Jackson State Demonstration Forest Advisory Group members engage in rare dispute

FORT BRAGG, 11/28/23 — The Jackson Demonstration State Forest Advisory Council (JAG) got a lot done at its Nov. 15 meeting, but more questions were raised than answered during seven hours of work that included two votes and a forest tour.

George Hollister, chairman of the JAG, kept the November meeting moving along with the help of new facilitator Emily Smith and new Mendocino Unit Chief Brandon Gunn. As a result, all three items postponed from the September JAG meeting came to fruition in November. A timber harvest plan and a Scope of Work that sets the stage for a new management plan were both approved. Also accomplished was a tour of a new harvest plan dependent upon fire. Each of those agenda items were overwhelmed by protests and poor meeting management in September.

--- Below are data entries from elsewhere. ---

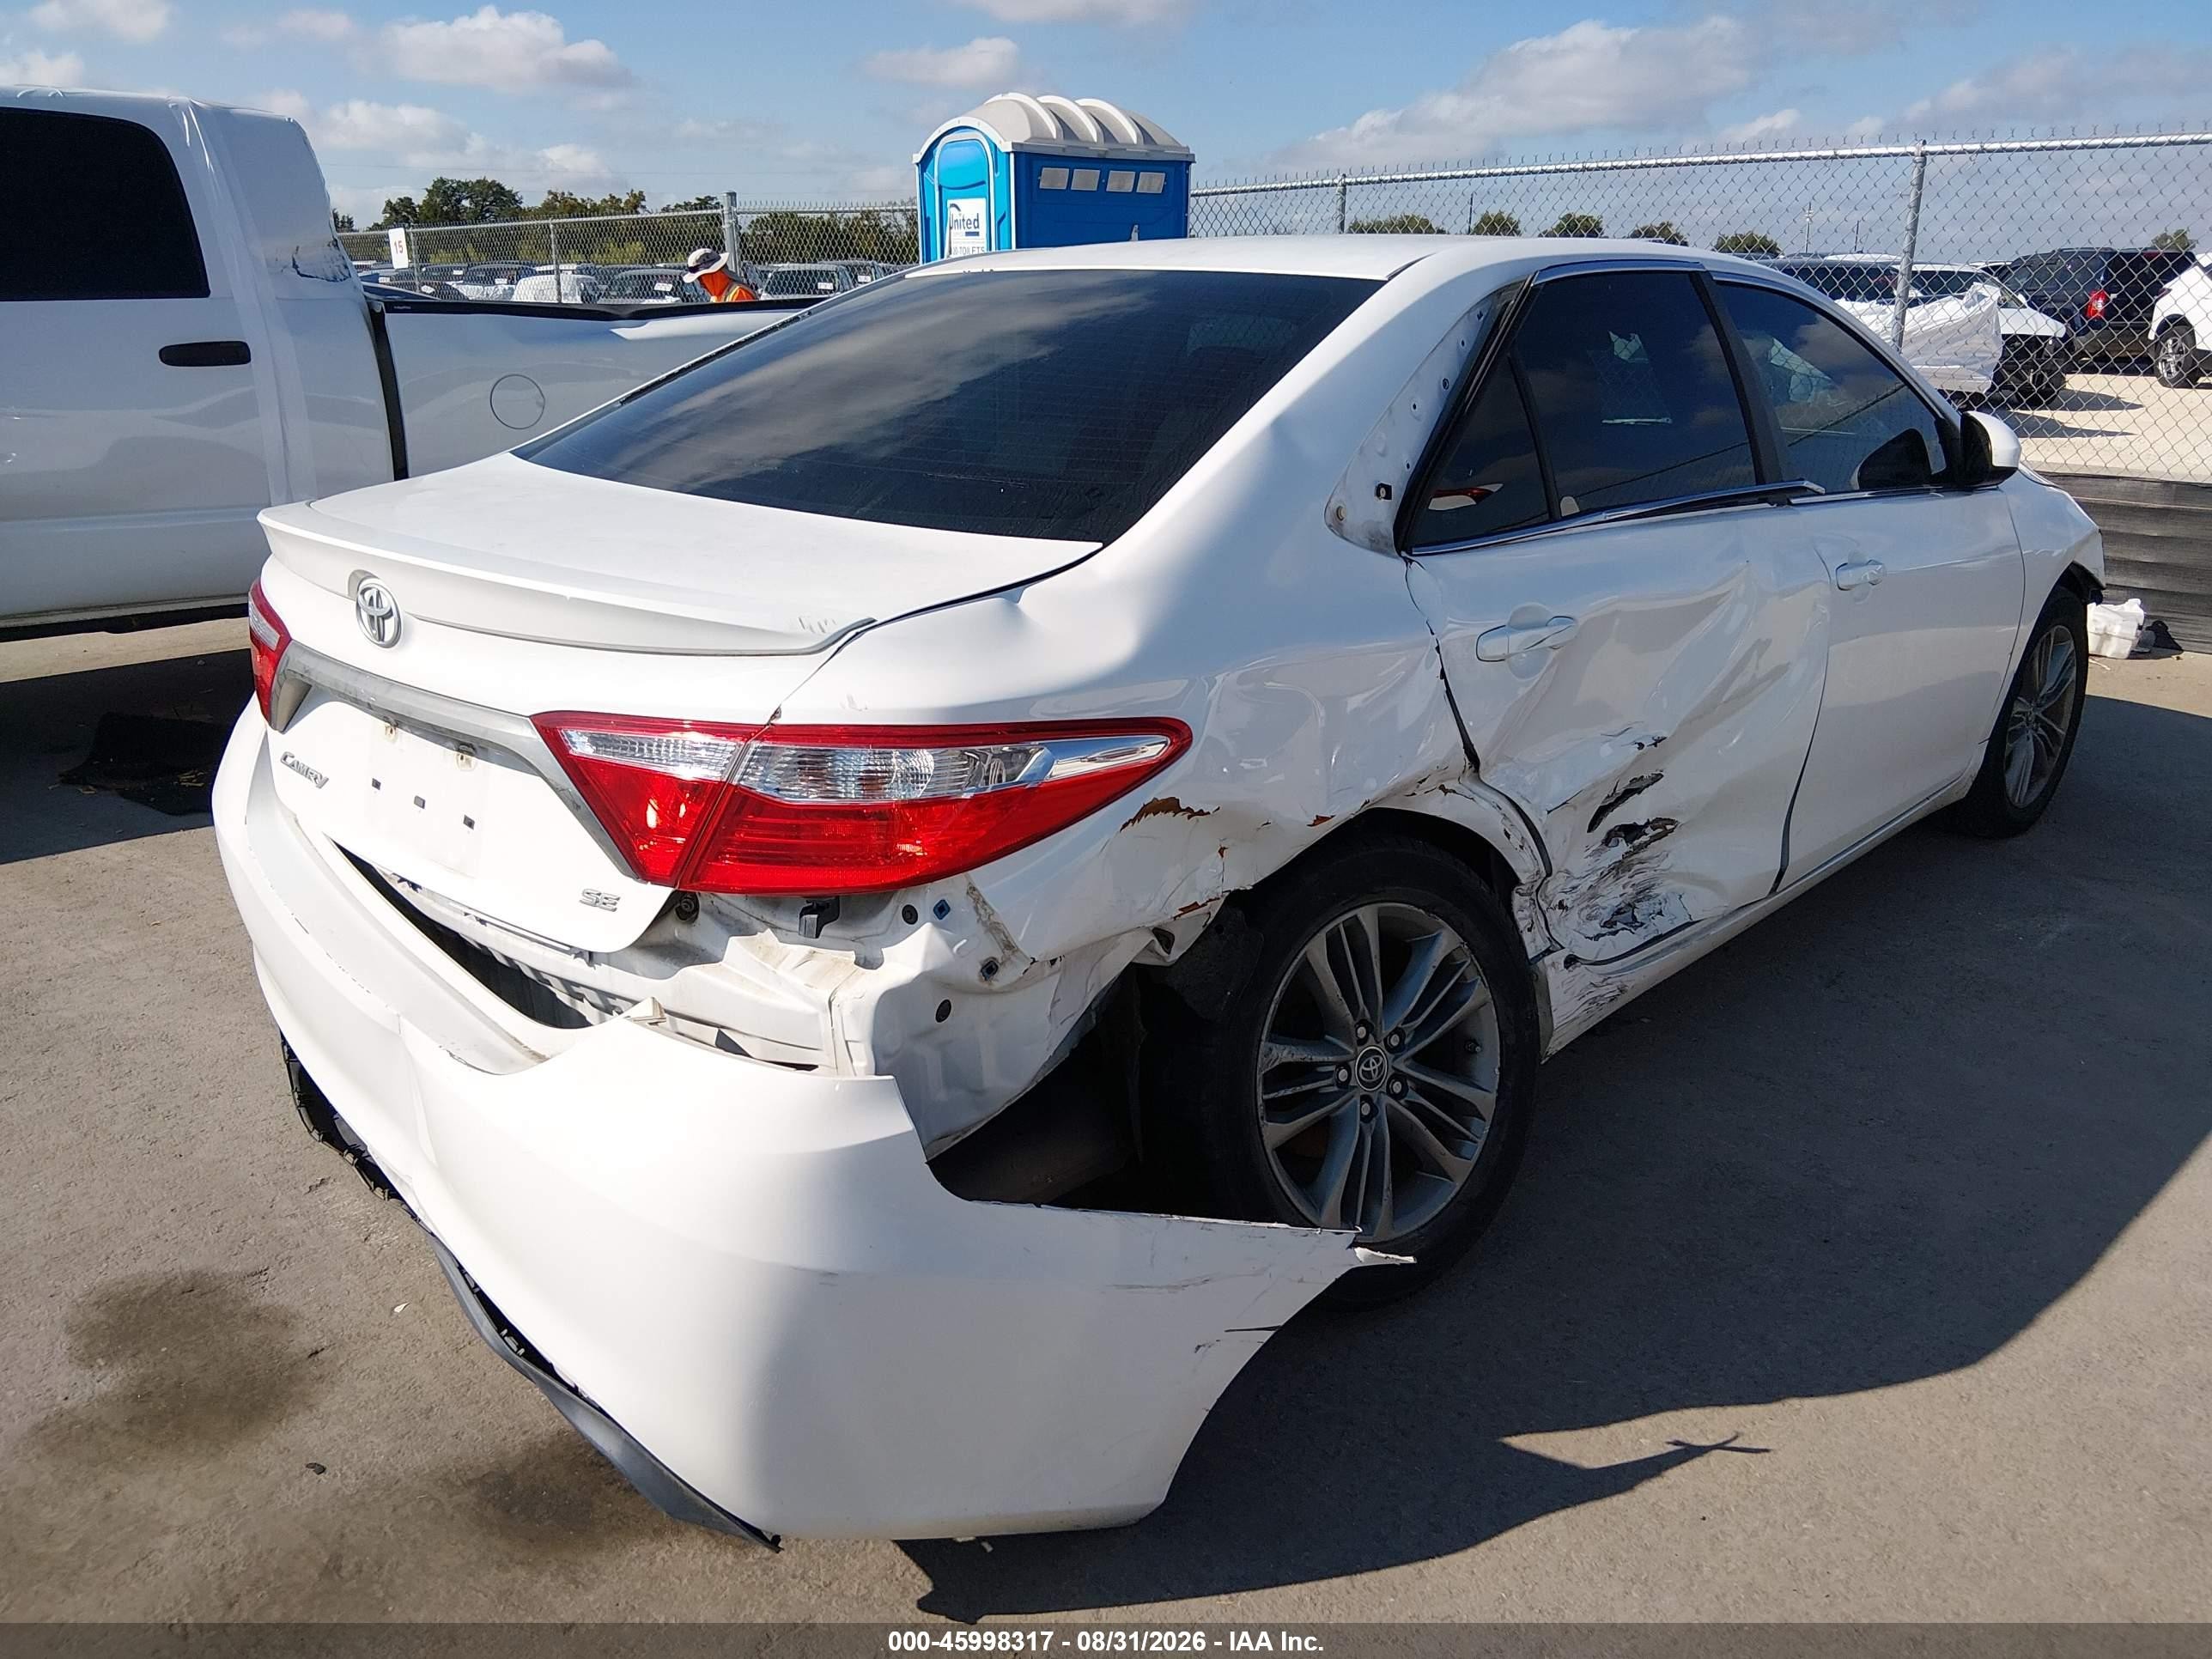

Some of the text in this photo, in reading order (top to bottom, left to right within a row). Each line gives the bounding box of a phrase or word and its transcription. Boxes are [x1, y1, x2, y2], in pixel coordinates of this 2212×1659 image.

[393, 240, 404, 255] 15
[280, 750, 330, 789] CAMRY
[578, 888, 621, 912] SE
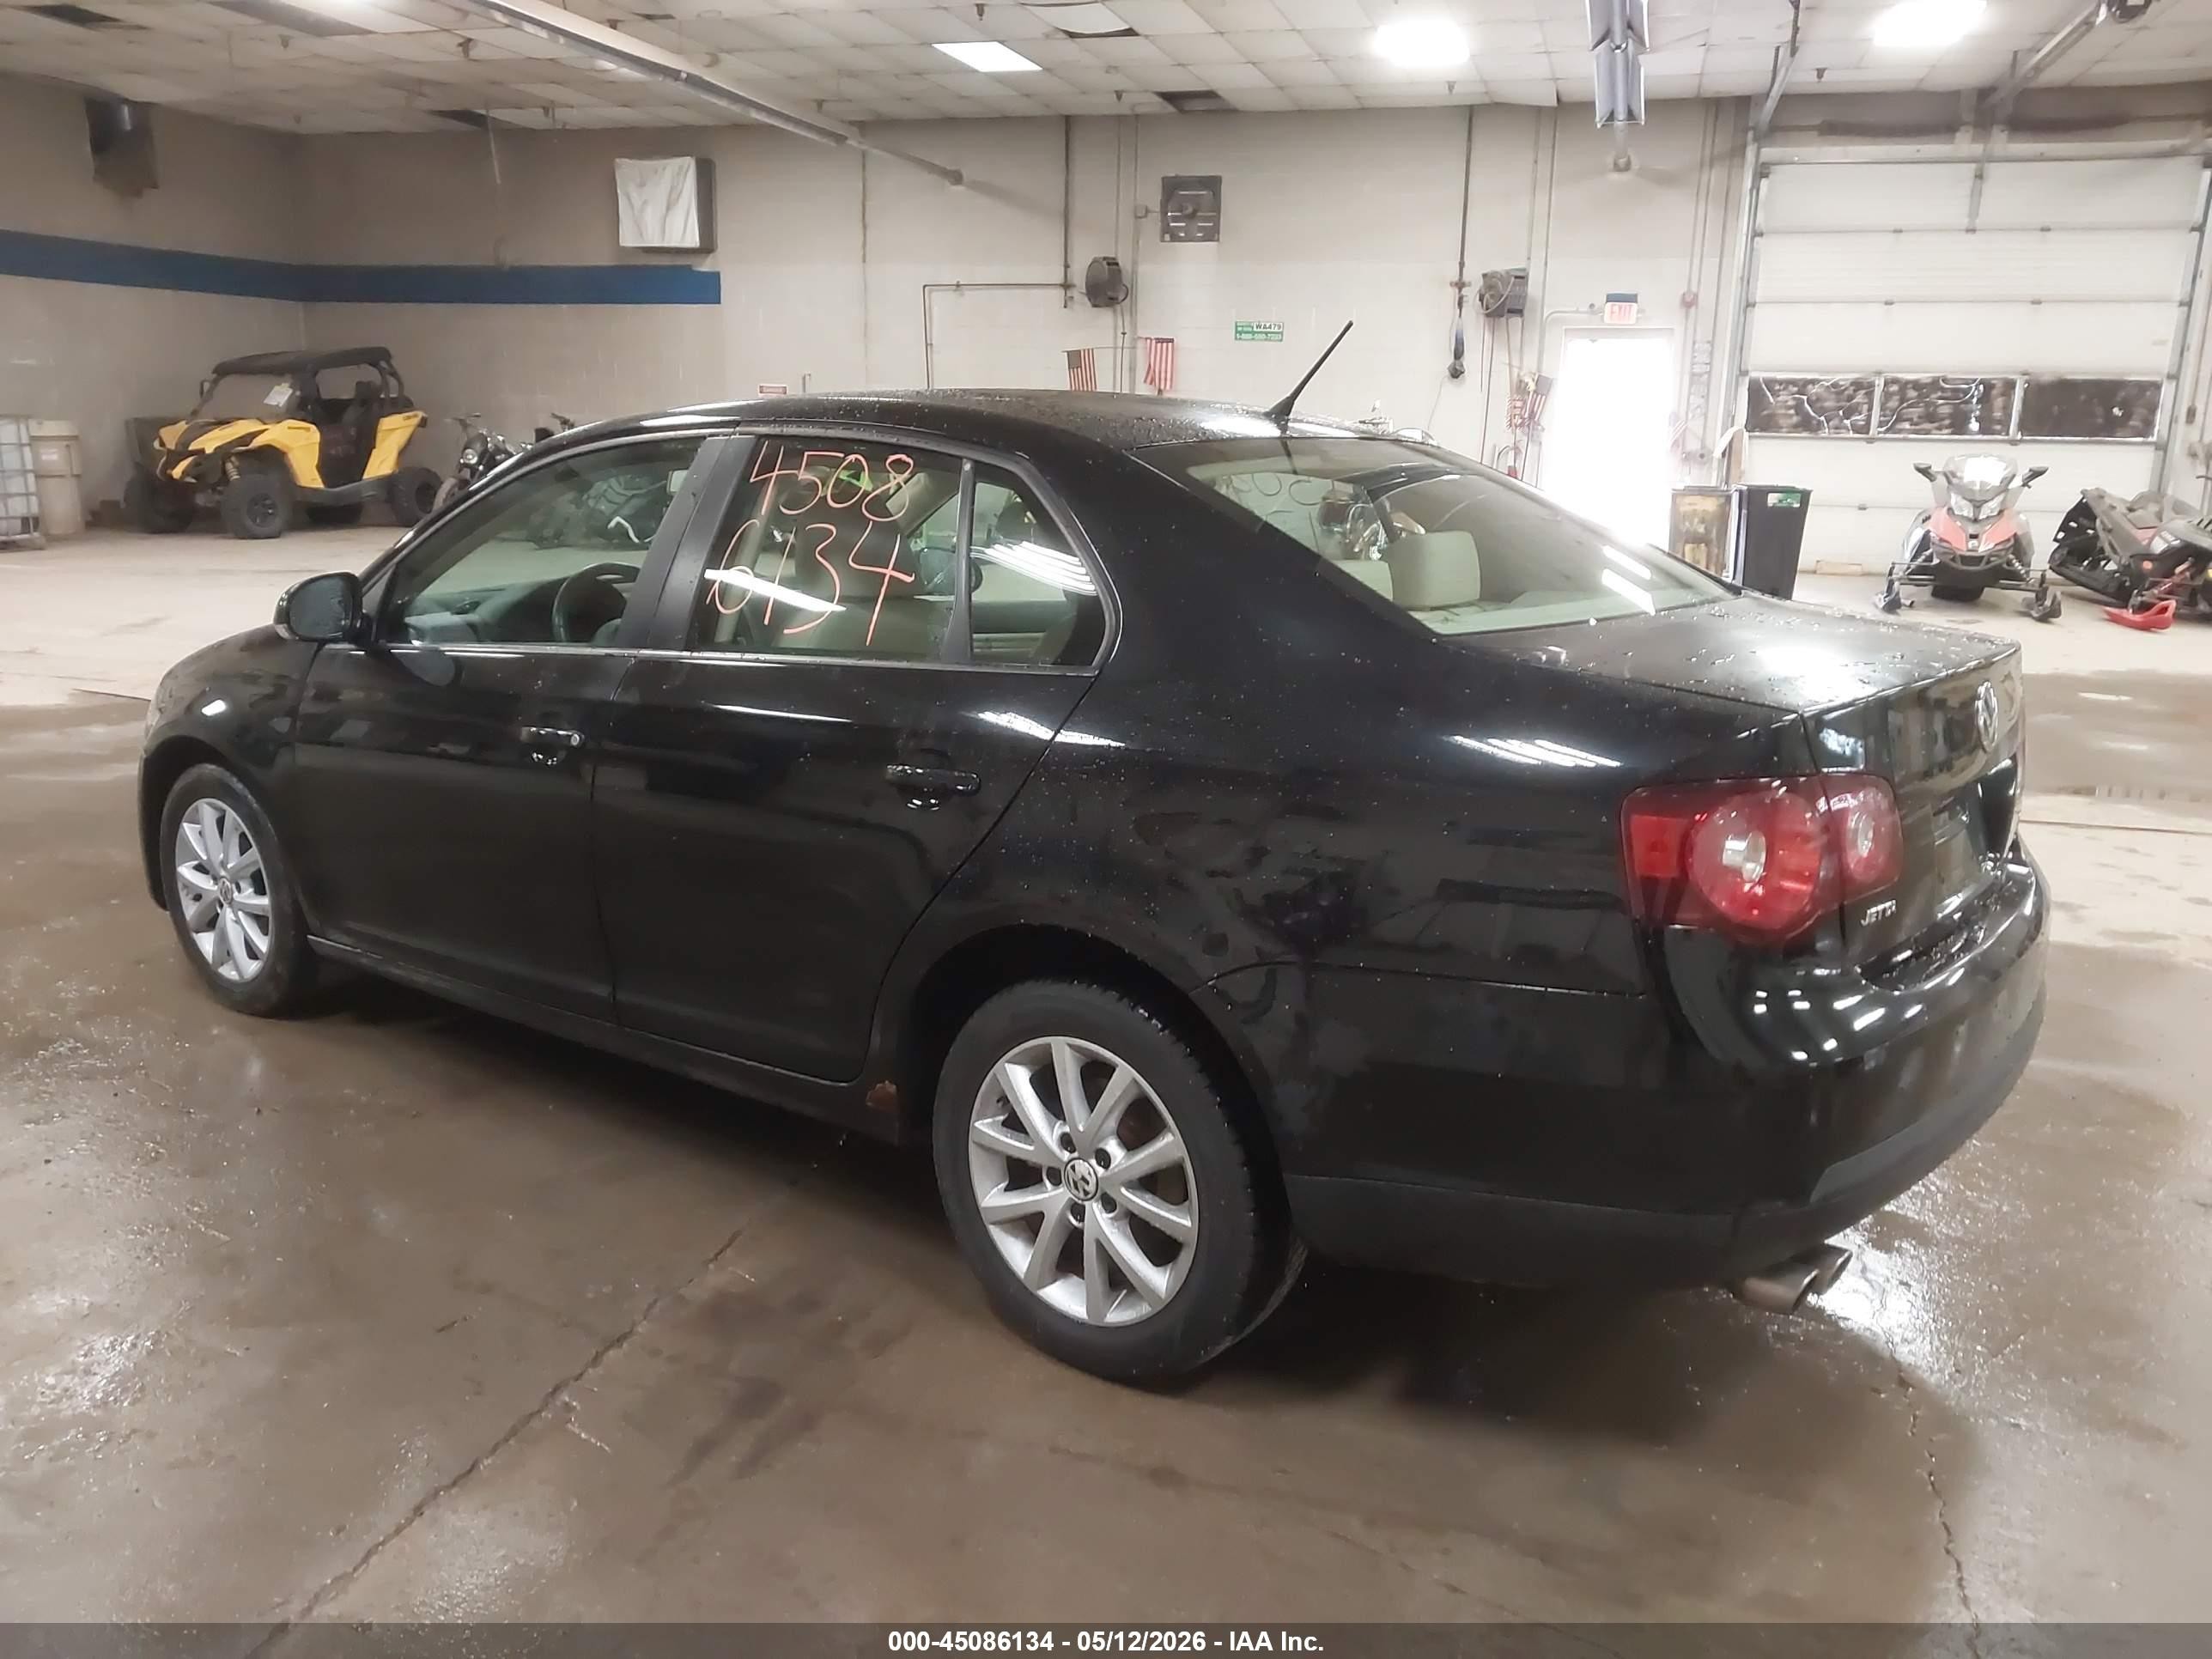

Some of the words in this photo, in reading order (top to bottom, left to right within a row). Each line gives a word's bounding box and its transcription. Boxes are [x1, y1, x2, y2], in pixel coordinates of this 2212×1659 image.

[1610, 303, 1634, 321] EXIT
[1255, 322, 1282, 331] WA479
[748, 439, 915, 522] 4508
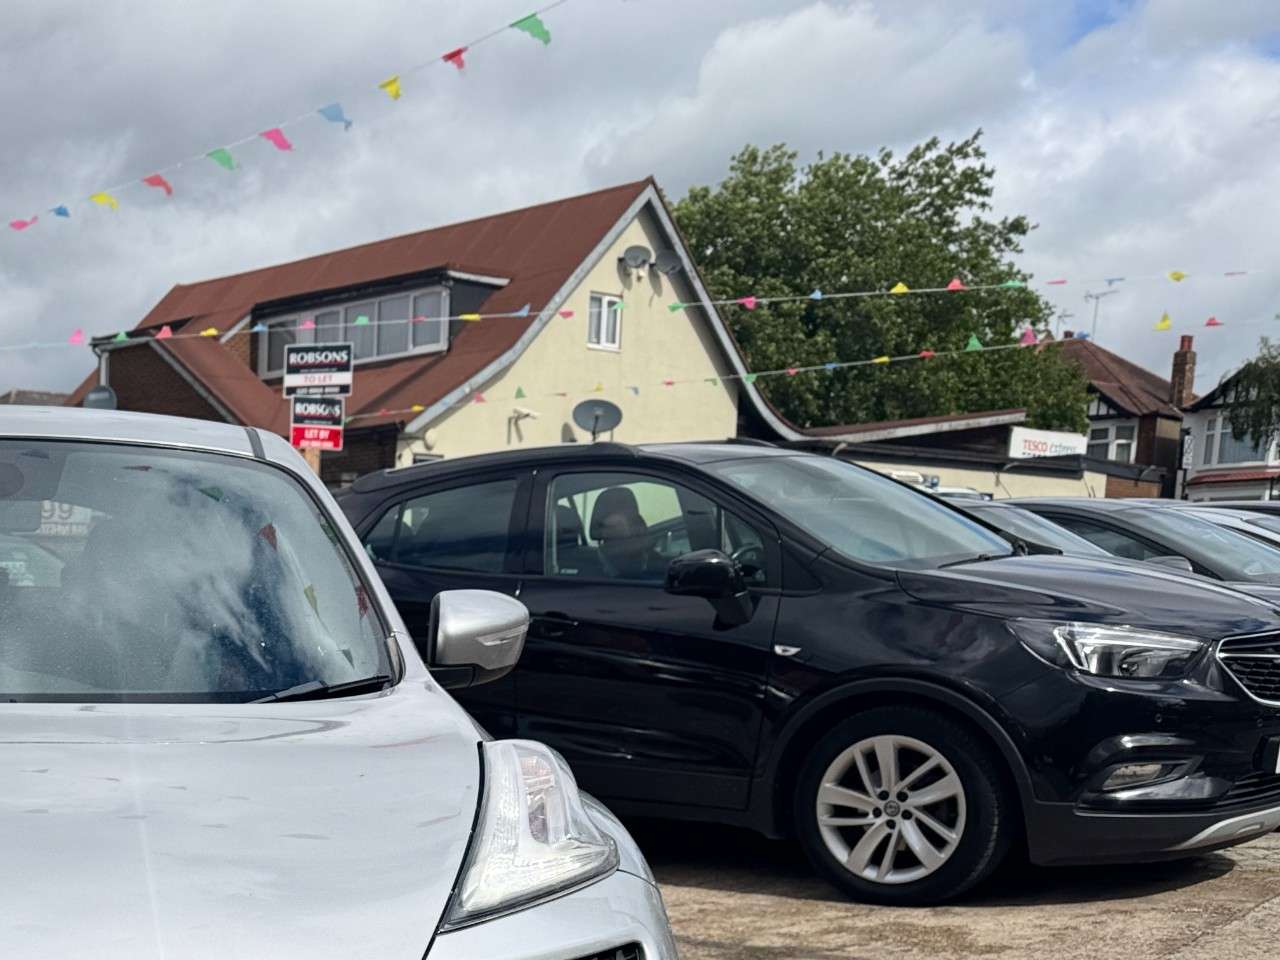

Brandon Gunn, the new Cal Fire Mendocino Unit Chief left, speaks, while Kevin Conway, head of California’s demonstration forest program takes notes. Frank Hartzell/The Mendocino Voice

Rules were laid down at the start of the November meeting. People had to come to the front to offer timed comments, and the meeting was recorded on video. Agenda items were also timed. It helped that this audience was a small fraction of the number of attendees at the last meeting. Yet there was still drama, and many in the audience made the same point: that the JAG and Cal Fire still have everything backwards.

Speakers told the JAG directors that the so-called “New Vision” harvest plans need to wait until the issues surrounding how the demonstration forest is managed are ironed out. For months, plans have been in place in which Cal Fire and tribal representatives would co-manage the forest, but so far the process is muddled and unclear who has a say and how co-management works. Debate often centered on process: co-management with local tribal governments is through a Tribal Advisory Council, which is not a public agency and not required to meet in public. How can those meetings be integrated with the JAG, which in itself is only an advisory body to Cal Fire?

At the meeting, Brandon Gunn, of Laytonville, was introduced as the new Mendocino Unit Chief of Cal Fire. He had been the deputy chief until Chief Luke Kendall retired, effective after the meeting. The affable Gunn talked about the importance of fire prevention in the area, which had been ravaged by wildfires for several summers in a row. Among his other jobs, Gunn is supposed to  implement the Cal Fire “New Vision,” which includes co-management.

In an interview after the meeting he acknowledged that challenge. He said he could tell from the way people encouraged him about his promotion.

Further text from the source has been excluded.